Items from a dataset:
■ ■ ■ ■ ■ ■ ■

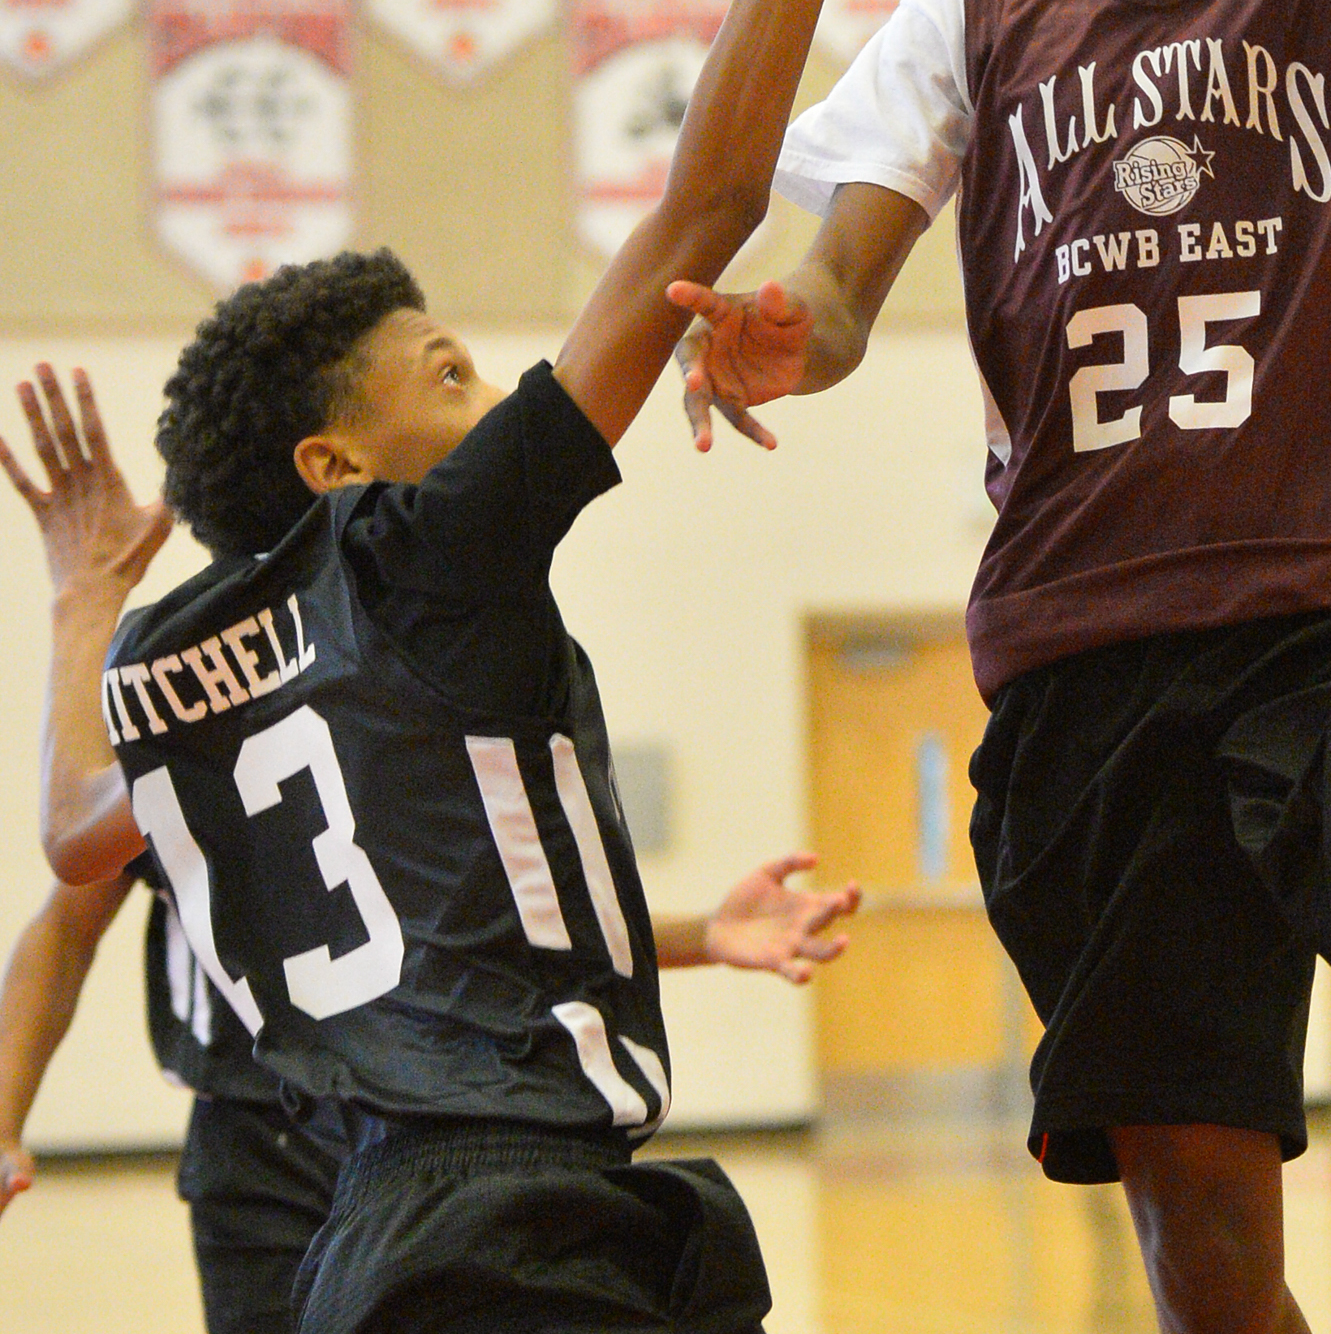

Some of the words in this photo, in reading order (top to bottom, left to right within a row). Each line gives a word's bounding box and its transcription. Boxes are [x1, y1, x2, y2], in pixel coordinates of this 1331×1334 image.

[1008, 61, 1118, 263] ALL
[1115, 159, 1188, 188] Rising
[1139, 177, 1198, 208] Stars
[1055, 229, 1160, 284] BCWB
[1177, 216, 1283, 262] EAST
[1065, 290, 1261, 453] 25
[132, 704, 405, 1039] 13
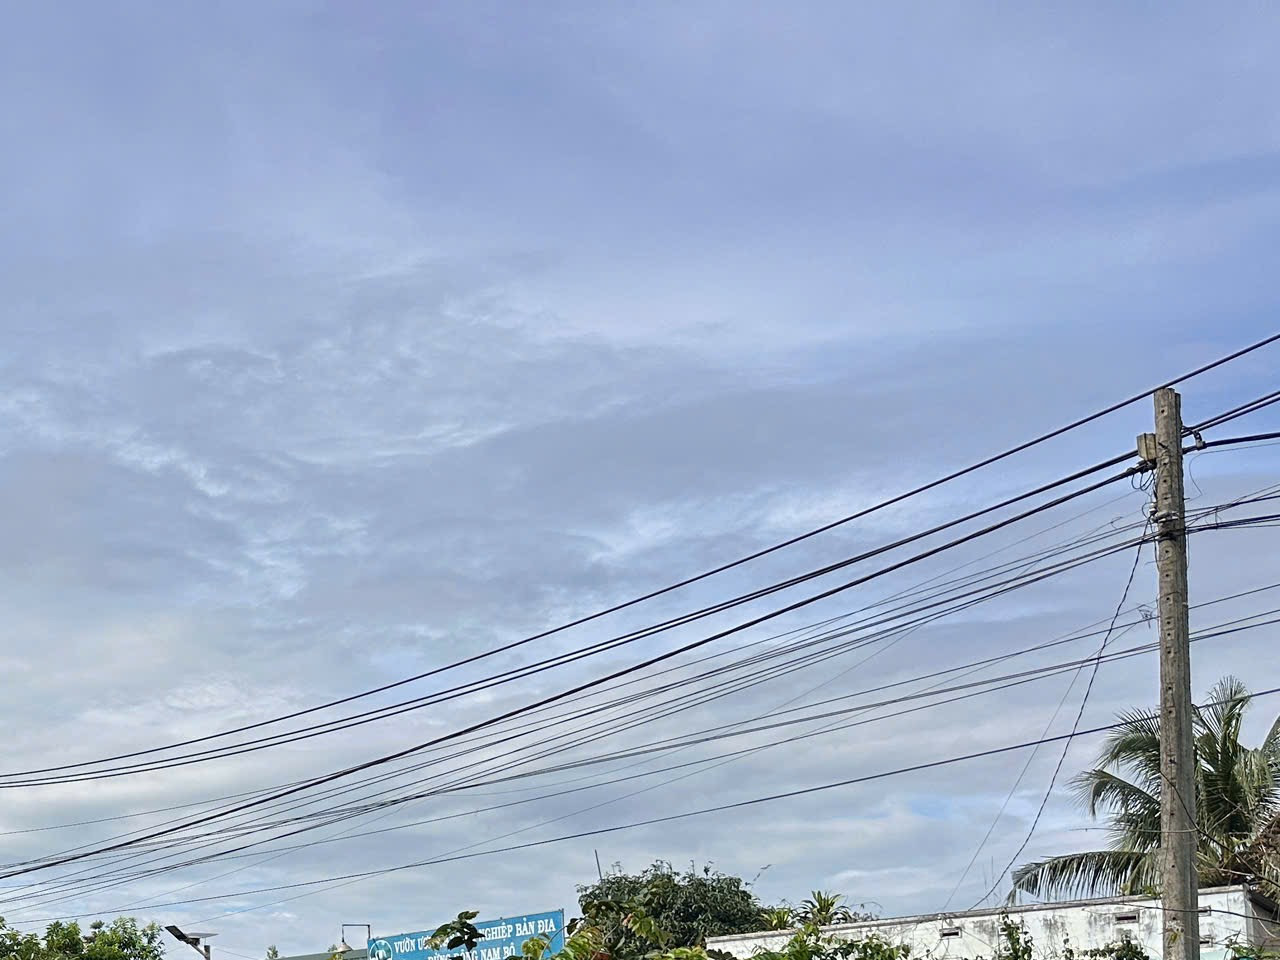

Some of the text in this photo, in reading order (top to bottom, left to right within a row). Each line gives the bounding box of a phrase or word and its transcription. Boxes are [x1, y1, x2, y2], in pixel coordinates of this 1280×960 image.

■ ■ ■ ■ ■ ■ ■

Work order: Pictures are to be left out; the records above must be repeated word for word.

Completed exercise:
Some of the words in this photo, in reading order (top to bottom, left to right within a row). Each line gives a word's bounding box and its transcription. Boxes are [x1, y1, x2, y2], in pixel coordinates of this 1331×1334 image.

[1008, 61, 1118, 263] ALL
[1115, 159, 1188, 188] Rising
[1139, 177, 1198, 208] Stars
[1055, 229, 1160, 284] BCWB
[1177, 216, 1283, 262] EAST
[1065, 290, 1261, 453] 25
[132, 704, 405, 1039] 13

Some of the text in this photo, in reading order (top to bottom, left to right within a row). Each line gives the bounding box of a phrase or word and its transcription. Boxes are [x1, y1, x2, y2], in pixel coordinates of this 1280×960 image.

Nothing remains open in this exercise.